§ The task
To answer, print the line containing "this 2000×1333 image." and each line after it in the listing below, exactly as they stand.
━━━ Provided data ━━━
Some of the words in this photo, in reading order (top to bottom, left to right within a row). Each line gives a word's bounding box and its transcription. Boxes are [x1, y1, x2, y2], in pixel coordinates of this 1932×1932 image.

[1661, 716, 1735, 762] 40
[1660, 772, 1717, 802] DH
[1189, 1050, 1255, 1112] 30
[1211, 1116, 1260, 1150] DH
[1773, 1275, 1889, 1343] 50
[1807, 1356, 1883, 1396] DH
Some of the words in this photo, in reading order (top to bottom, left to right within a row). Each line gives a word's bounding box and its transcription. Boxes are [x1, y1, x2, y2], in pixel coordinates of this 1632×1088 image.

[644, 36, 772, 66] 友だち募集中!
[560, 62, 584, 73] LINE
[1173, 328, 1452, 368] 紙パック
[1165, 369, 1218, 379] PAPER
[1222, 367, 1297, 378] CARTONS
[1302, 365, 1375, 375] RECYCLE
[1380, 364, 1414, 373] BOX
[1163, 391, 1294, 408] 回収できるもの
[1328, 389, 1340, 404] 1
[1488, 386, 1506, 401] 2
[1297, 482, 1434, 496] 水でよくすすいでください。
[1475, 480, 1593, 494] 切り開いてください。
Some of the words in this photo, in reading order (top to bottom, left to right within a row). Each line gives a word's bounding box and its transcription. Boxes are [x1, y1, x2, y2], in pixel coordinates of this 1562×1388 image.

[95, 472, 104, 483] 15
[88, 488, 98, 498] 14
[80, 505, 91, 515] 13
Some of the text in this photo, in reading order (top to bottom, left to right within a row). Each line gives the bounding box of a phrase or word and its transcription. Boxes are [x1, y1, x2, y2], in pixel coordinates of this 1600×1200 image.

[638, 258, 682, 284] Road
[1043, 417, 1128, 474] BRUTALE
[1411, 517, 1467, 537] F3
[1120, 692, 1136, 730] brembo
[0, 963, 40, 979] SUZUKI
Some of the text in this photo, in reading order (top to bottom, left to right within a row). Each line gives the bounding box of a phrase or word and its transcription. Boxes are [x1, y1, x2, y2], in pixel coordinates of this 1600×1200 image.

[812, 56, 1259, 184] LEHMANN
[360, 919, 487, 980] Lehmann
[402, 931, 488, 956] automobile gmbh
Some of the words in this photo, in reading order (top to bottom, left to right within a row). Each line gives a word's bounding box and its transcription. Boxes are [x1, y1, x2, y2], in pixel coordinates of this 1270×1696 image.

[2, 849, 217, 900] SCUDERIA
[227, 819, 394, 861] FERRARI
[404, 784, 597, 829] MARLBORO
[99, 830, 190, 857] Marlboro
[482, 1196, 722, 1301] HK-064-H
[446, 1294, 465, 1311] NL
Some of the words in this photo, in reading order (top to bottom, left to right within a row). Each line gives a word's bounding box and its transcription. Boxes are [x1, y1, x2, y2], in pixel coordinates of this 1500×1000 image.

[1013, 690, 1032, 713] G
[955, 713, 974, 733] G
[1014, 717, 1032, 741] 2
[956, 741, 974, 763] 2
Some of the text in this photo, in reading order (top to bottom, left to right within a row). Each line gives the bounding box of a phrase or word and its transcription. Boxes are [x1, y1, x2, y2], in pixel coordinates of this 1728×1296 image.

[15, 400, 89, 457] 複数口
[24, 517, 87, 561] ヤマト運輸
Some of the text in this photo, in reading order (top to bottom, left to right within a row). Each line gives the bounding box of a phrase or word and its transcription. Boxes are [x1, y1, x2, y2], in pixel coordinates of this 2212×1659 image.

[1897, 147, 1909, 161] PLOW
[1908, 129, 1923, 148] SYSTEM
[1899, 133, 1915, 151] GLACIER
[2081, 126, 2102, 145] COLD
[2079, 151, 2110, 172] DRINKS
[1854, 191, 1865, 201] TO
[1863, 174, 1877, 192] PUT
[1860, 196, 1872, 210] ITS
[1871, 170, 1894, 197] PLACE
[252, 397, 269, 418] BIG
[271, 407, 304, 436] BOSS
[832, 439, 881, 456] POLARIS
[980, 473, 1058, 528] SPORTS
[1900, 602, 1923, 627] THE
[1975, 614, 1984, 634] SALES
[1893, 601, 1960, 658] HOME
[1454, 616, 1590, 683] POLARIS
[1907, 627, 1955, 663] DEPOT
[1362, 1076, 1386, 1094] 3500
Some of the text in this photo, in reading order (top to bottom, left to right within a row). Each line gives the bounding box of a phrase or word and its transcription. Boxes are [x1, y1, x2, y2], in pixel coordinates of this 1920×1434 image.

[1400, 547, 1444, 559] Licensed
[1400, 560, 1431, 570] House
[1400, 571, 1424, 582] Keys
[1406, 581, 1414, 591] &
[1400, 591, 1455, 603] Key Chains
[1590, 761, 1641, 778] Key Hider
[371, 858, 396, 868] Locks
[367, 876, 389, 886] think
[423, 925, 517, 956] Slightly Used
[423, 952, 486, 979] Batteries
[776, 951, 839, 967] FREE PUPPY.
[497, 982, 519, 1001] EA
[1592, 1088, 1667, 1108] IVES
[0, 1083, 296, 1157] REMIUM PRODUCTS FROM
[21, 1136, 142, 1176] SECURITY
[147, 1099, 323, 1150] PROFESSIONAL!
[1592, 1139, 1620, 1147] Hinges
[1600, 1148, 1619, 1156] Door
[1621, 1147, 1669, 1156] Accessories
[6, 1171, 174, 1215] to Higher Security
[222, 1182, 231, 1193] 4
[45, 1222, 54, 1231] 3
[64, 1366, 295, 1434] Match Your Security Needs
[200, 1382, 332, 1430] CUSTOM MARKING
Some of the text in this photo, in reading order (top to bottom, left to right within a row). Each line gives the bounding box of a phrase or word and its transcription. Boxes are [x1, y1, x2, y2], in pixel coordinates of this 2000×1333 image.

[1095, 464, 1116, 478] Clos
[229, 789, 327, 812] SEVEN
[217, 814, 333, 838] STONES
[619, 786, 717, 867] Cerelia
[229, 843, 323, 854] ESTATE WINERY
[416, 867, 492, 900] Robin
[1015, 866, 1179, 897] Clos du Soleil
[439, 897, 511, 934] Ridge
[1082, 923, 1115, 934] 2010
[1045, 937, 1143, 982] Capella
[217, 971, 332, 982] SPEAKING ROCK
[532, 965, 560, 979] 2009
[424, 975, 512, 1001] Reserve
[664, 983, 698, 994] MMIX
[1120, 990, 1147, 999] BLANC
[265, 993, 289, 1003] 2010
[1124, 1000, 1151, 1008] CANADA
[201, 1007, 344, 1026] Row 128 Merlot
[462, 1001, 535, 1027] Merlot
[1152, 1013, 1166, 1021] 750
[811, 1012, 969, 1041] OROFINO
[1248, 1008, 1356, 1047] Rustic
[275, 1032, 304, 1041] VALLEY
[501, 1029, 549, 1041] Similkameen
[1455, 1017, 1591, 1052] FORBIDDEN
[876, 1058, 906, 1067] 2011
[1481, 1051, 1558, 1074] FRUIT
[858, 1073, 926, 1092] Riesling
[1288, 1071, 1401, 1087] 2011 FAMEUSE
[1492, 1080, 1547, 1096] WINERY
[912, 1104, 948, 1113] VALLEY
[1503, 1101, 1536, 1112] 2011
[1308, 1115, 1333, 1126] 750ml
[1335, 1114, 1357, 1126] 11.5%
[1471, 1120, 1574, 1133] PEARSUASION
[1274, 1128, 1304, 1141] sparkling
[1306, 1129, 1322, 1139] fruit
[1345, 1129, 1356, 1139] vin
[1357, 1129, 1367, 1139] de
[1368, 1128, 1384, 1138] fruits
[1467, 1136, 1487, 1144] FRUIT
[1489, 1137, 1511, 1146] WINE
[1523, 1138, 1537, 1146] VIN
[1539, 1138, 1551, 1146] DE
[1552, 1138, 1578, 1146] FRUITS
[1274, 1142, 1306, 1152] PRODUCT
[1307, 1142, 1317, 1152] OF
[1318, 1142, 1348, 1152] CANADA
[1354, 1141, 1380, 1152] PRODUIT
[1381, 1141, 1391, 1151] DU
━━━
§ Solved problem
Some of the text in this photo, in reading order (top to bottom, left to right within a row). Each line gives the bounding box of a phrase or word and its transcription. Boxes are [x1, y1, x2, y2], in pixel coordinates of this 2000×1333 image.

[1095, 464, 1116, 478] Clos
[229, 789, 327, 812] SEVEN
[217, 814, 333, 838] STONES
[619, 786, 717, 867] Cerelia
[229, 843, 323, 854] ESTATE WINERY
[416, 867, 492, 900] Robin
[1015, 866, 1179, 897] Clos du Soleil
[439, 897, 511, 934] Ridge
[1082, 923, 1115, 934] 2010
[1045, 937, 1143, 982] Capella
[217, 971, 332, 982] SPEAKING ROCK
[532, 965, 560, 979] 2009
[424, 975, 512, 1001] Reserve
[664, 983, 698, 994] MMIX
[1120, 990, 1147, 999] BLANC
[265, 993, 289, 1003] 2010
[1124, 1000, 1151, 1008] CANADA
[201, 1007, 344, 1026] Row 128 Merlot
[462, 1001, 535, 1027] Merlot
[1152, 1013, 1166, 1021] 750
[811, 1012, 969, 1041] OROFINO
[1248, 1008, 1356, 1047] Rustic
[275, 1032, 304, 1041] VALLEY
[501, 1029, 549, 1041] Similkameen
[1455, 1017, 1591, 1052] FORBIDDEN
[876, 1058, 906, 1067] 2011
[1481, 1051, 1558, 1074] FRUIT
[858, 1073, 926, 1092] Riesling
[1288, 1071, 1401, 1087] 2011 FAMEUSE
[1492, 1080, 1547, 1096] WINERY
[912, 1104, 948, 1113] VALLEY
[1503, 1101, 1536, 1112] 2011
[1308, 1115, 1333, 1126] 750ml
[1335, 1114, 1357, 1126] 11.5%
[1471, 1120, 1574, 1133] PEARSUASION
[1274, 1128, 1304, 1141] sparkling
[1306, 1129, 1322, 1139] fruit
[1345, 1129, 1356, 1139] vin
[1357, 1129, 1367, 1139] de
[1368, 1128, 1384, 1138] fruits
[1467, 1136, 1487, 1144] FRUIT
[1489, 1137, 1511, 1146] WINE
[1523, 1138, 1537, 1146] VIN
[1539, 1138, 1551, 1146] DE
[1552, 1138, 1578, 1146] FRUITS
[1274, 1142, 1306, 1152] PRODUCT
[1307, 1142, 1317, 1152] OF
[1318, 1142, 1348, 1152] CANADA
[1354, 1141, 1380, 1152] PRODUIT
[1381, 1141, 1391, 1151] DU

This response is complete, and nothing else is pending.